Editor's note

For our January 2021 edition our regular authors were briefed to consider the subject of parasitism, mutualism and/or symbiosis in the context of their species and they have presented us with some surprising information.

Steve Woodhall explains why some butterflies are predators and not as meek as we like to think! Nicky Forbes highlights the belligerent approach of some bird species and as usual Pat McKrill presents us with some interesting perspectives on the subject as it relates to reptiles.

Dr Marlies Craig takes a different look at a simple strategy used by insects to cope with challenges to their existence – multiplication! Nick Evans in his species-specific series writes on Water Monitors and demystifies some of the perceptions but also shares some sad news on how these beautiful animals are ill-treated.

Our colleagues at BotSoc kindly permitted us to use a relevant article on parasitism originally published in PlantLife in 1997. The science has not changed, and David Johnson’s analysis accompanied by some great photographs by Graham Grieve make for compelling reading.

In the current climate we cannot escape from the broad impacts of the Covid-19 pandemic and Arend Hoogervost as always questions our personal commitments to the environment in his Opinion Column in which he asks us about our acceptance or not of “the New Normality”.

Robin Lamplough as always looks at the historical aspects on our area and thanks to historian Adrian Rowe we have found two great aerial photographs that show what our area looked like going back to 1937 and 1950. When we talk about transformation of land habitat (and in particular our grasslands) we tend to think “it’s happening somewhere else”. The photographs in the article bring home the fact that we all need to accept some responsibility for the loss of vegetation and wildlife habitat.

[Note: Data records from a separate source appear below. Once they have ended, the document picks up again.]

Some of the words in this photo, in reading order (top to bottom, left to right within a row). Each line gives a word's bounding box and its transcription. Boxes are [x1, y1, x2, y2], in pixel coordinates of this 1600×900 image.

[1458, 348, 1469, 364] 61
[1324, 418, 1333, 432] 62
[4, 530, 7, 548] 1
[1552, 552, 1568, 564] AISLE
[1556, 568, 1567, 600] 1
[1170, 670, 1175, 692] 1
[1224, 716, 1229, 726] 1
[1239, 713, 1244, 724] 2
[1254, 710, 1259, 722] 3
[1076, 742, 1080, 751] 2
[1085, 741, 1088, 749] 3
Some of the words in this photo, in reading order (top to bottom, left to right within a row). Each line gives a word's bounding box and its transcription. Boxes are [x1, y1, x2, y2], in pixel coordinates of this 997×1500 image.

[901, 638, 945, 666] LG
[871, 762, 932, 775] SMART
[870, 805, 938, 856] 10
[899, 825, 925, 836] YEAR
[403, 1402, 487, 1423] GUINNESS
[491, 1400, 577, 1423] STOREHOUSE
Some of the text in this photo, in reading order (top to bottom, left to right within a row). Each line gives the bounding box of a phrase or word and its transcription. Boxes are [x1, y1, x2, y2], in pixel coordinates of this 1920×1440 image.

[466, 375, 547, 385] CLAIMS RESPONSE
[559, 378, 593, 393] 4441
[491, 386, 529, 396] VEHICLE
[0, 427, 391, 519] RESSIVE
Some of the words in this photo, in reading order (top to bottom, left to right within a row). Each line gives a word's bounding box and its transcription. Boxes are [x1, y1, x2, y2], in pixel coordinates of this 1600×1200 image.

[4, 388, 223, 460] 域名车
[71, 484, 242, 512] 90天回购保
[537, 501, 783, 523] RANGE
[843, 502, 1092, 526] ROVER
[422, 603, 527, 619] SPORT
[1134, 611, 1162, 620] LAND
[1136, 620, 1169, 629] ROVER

We are privileged to have some exceptional guest writers in this issue. Kloof Conservancy has a long-standing constructive relationship with the Environmental Planning and Climate Protection Department at eThekwini Municipality and we are thrilled to bring you an article by environmentalist Jo Douwes who gives us an insiders and personal perspective on some of the resilience challenges facing the city. In tune with Jo’s theme we also bring you an article by Luci Coelho from Hillcrest Conservancy who has been the Project Manager for the Aller River Project in its last 3 phases. Luci sums up what the project set out to do and some of the results. Sadly this project is currently shut-down due to shortage of funds.

We are pleased to include in this edition an article by Charles Botha on the problems associated with using poisons in our gardens and the misconception that some “friendly poisons” may be ok to use. As Charles points out there “Even the “friendliest” of remedies will harm the small predators”.

Our Eco-Impi interview in this edition is with well-known environmentalist and author of the revised Pooley’s Trees of Eastern South Africa, Richard Boon. Richard is now based in Melbourne where he will no doubt be applying his considerable skills to help protect the biodiversity of Australia, but the article focusses very much on the significant contribution he made in our backyard!

As a bonus we are offering a copy of Richard’s highly regarded book to two lucky readers. Just send us an e-mail to info@kloofconservancy.org.za and in the subject line enter the answer the following question:

“Which species of tree is featured on the cover of Pooley’s Trees of Eastern South Africa?”

The competition will run until the 15th March after which we will notify the lucky-draw winners. The competition is kindly sponsored by the Flora and Fauna Publications Trust.

A special thanks to our layout guru, Jo Sobey for the many hours applied in getting this bumper edition ready for publication. Without her dedicated background work this magazine would not exist!

I trust you will enjoy this edition and as always, your feedback will be much appreciated.